Ryan Adams & The Cardinals / Neal Casal – Hamburg, Docks

Ryan Adams dreht seine Country-Songs mit den Cardinals und Neal Casal durchs Jam-Einmaleins

Im dritten Anlauf schafft es Ryan Adams nach vierjähriger Abstinenz wieder auf eine Hamburger Bühne. Die steht im halbwegs gefüllten Docks, wo Neal Casal solo-akustisch ein paar bittersüße Downer aus dem Epizentrum der großen Tristesse unters Volk bringt, bevor er ?um zweiten Gitarristen der Cardinals mutiert.

Ryan Adams, im knallroten Mickey-Mouse-T-Shirt, plappert Artigkeiten, bevor er zum Auftakt „A Kiss Before I Go“ reicht. Country als Semi-Metal? Nahtlos rein in ein starkes „Cold Roses“, die Twin-Gitarren singen das erste Mal und wollen dan n bald gar nicht mehr aufhören. Spätestens bei einem ausufernden „Magnolia Mountain“ ist klar, wohin dieser Hase heute läuft.

Rhythmusgruppe und Pedal Steeler Jon Graboff tragen zwar brav Western-Zwirn. Aber das ist nur Tarnung. Meistens. Denn Adams, unter seinem Pony begraben und konsequent von unten wie ein Zombie ausgeleuchtet, ist wild entschlossen, etliche Vorlagen der bevorzugten Alben „Cold Roses“ und Jacksonville City Nights“ durchs kleine Jam-Band-Einmaleins zu drehen. Das wirkt manchmal konstruiert und auch so, als traue Adams seinen Songs nicht so recht, als müsse er sie frisieren, aufmotzen, ja halb tot prügeln, um noch einen letzten Funken Leben in ihnen zu entdecken.

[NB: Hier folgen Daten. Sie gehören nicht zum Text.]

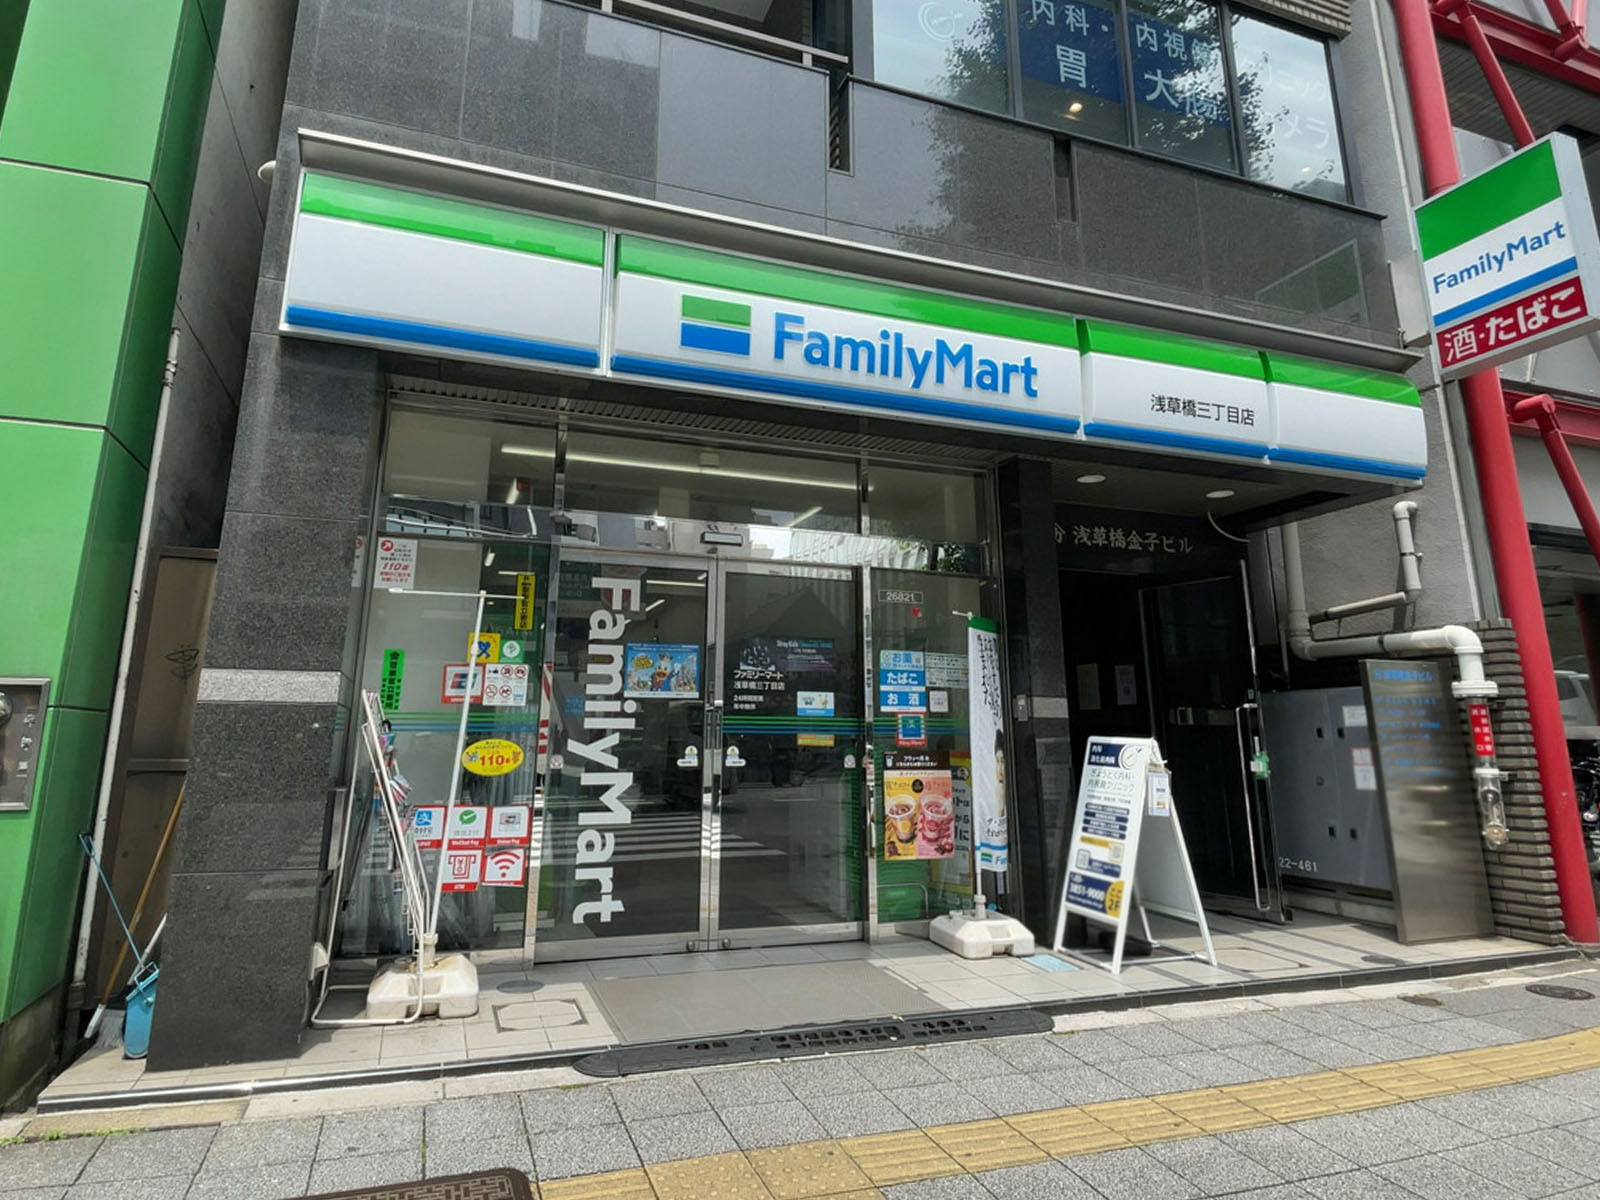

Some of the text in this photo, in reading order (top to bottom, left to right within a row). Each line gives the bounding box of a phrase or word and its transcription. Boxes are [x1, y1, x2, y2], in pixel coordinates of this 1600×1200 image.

[1432, 220, 1566, 294] FamilyMart
[1444, 286, 1581, 363] 酒・たばこ
[773, 312, 1039, 399] FamilyMart
[1150, 393, 1255, 426] 浅草橋三丁目店
[1072, 524, 1193, 553] 浅草橋金子ビル
[733, 669, 784, 680] ファミリーマート
[887, 671, 918, 684] たばこ
[568, 577, 640, 924] FamilyMart
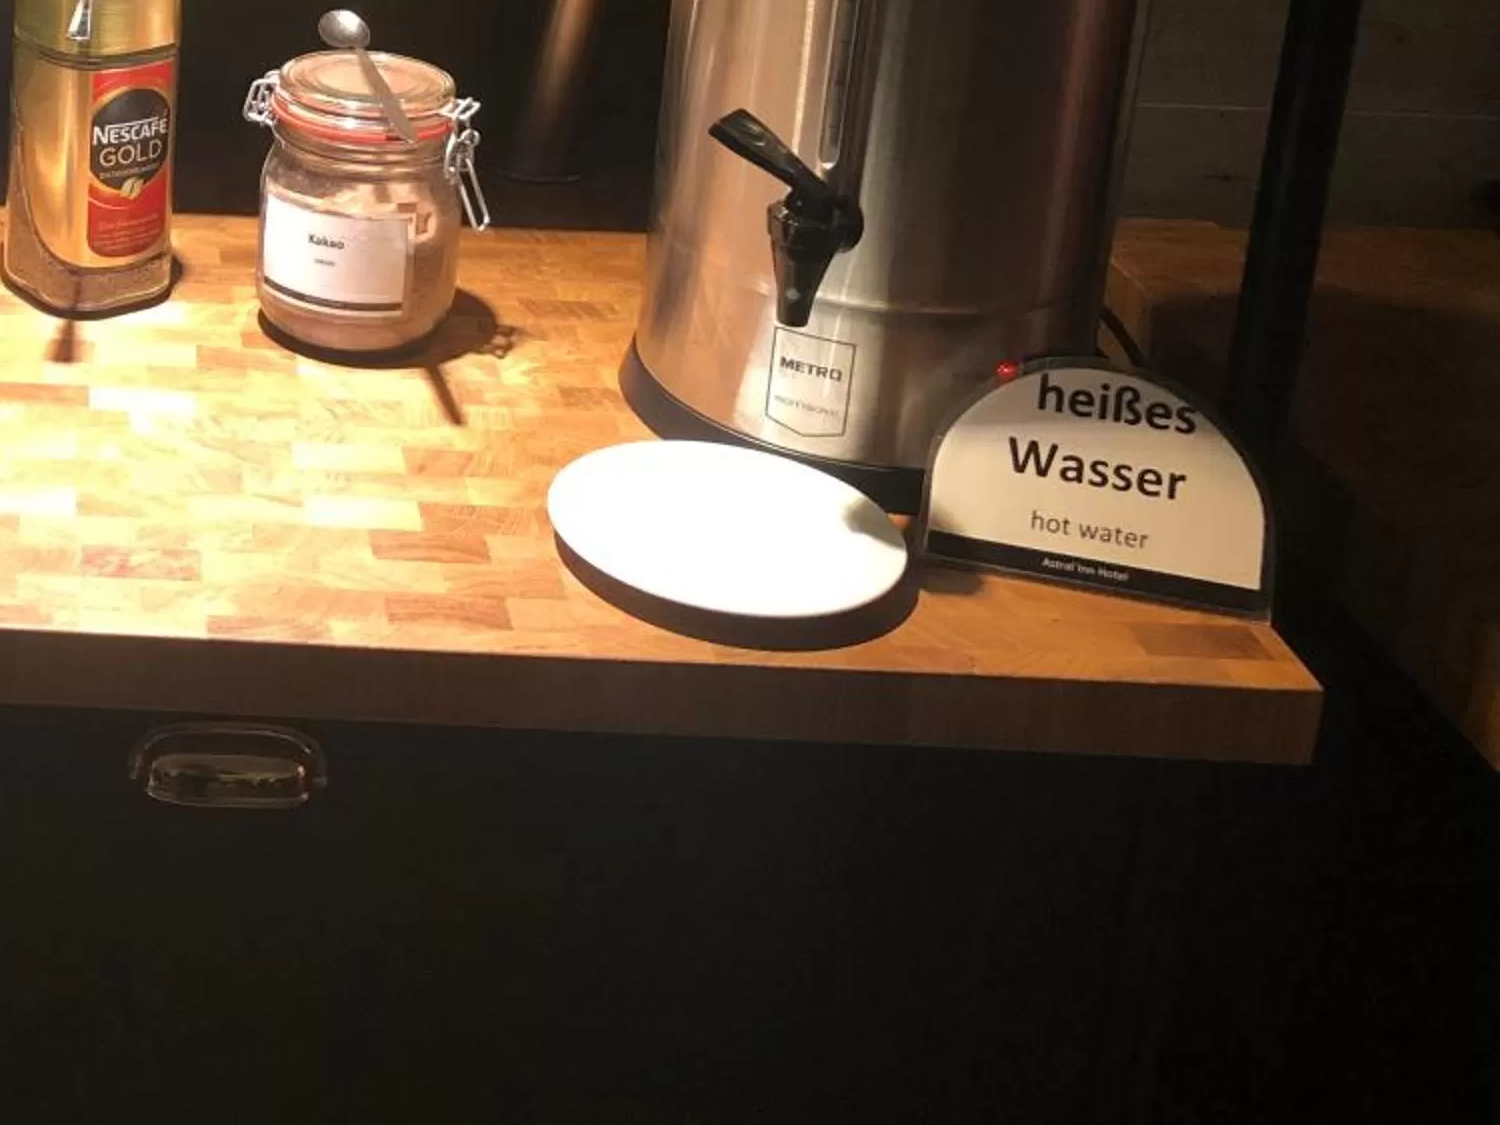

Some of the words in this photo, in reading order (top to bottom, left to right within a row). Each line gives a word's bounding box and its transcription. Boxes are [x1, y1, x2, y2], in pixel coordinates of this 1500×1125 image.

Es geht auch anders. Sehr schön anders sogar. Dankbar nimmt man „Blue Sky Blues“ entgegen, den einzigen Abstecher zu „29“, mit Adams am Klavier und einer Band, die auch subtil agieren kann. Oder „The End“ und ein brachial-konzentriertes „Please Don’t Let Me Go“. Oder das neue „Tears Of Gold“, straighter Country, Casal singt feine Harmonies. „Let It Ride“ rollt wie es soll, „Easy Plateau“ bleibt, tja, flach. Ältere Songs überleben heute abend nur mutiert, wie „To Be Young (Is To Be Sad, Is To Be High)“ als tonnenschwerer Blues-Stomper aus dem Kellerloch an der Ecke.

Ein weiterer neuer Song mit dem programmatischen Titel „Party Clown“ bringt den Abend nach zwei Stunden ohne Zugabe auf die wüst rockende Zielgerade. Noch ein Abstecher zu “ Heartbreaker“ mit „Bartering Lines“ und „Shakedown On 9th Street“, die brachialen Riffs der Nummer-Sicher „This Is It“, schließlich „I See Monsters“, theatralisch, dramatisch. Adams hebt die Hände beschwörend zum Himmel und windet sich wie ein kleiner Rock-Gott in den letzten Zuckungen. Kein Wunder: Er hatte gerade ein Monster erschaffen, das ein paar Köpfe zu viel mit sich rumträgt.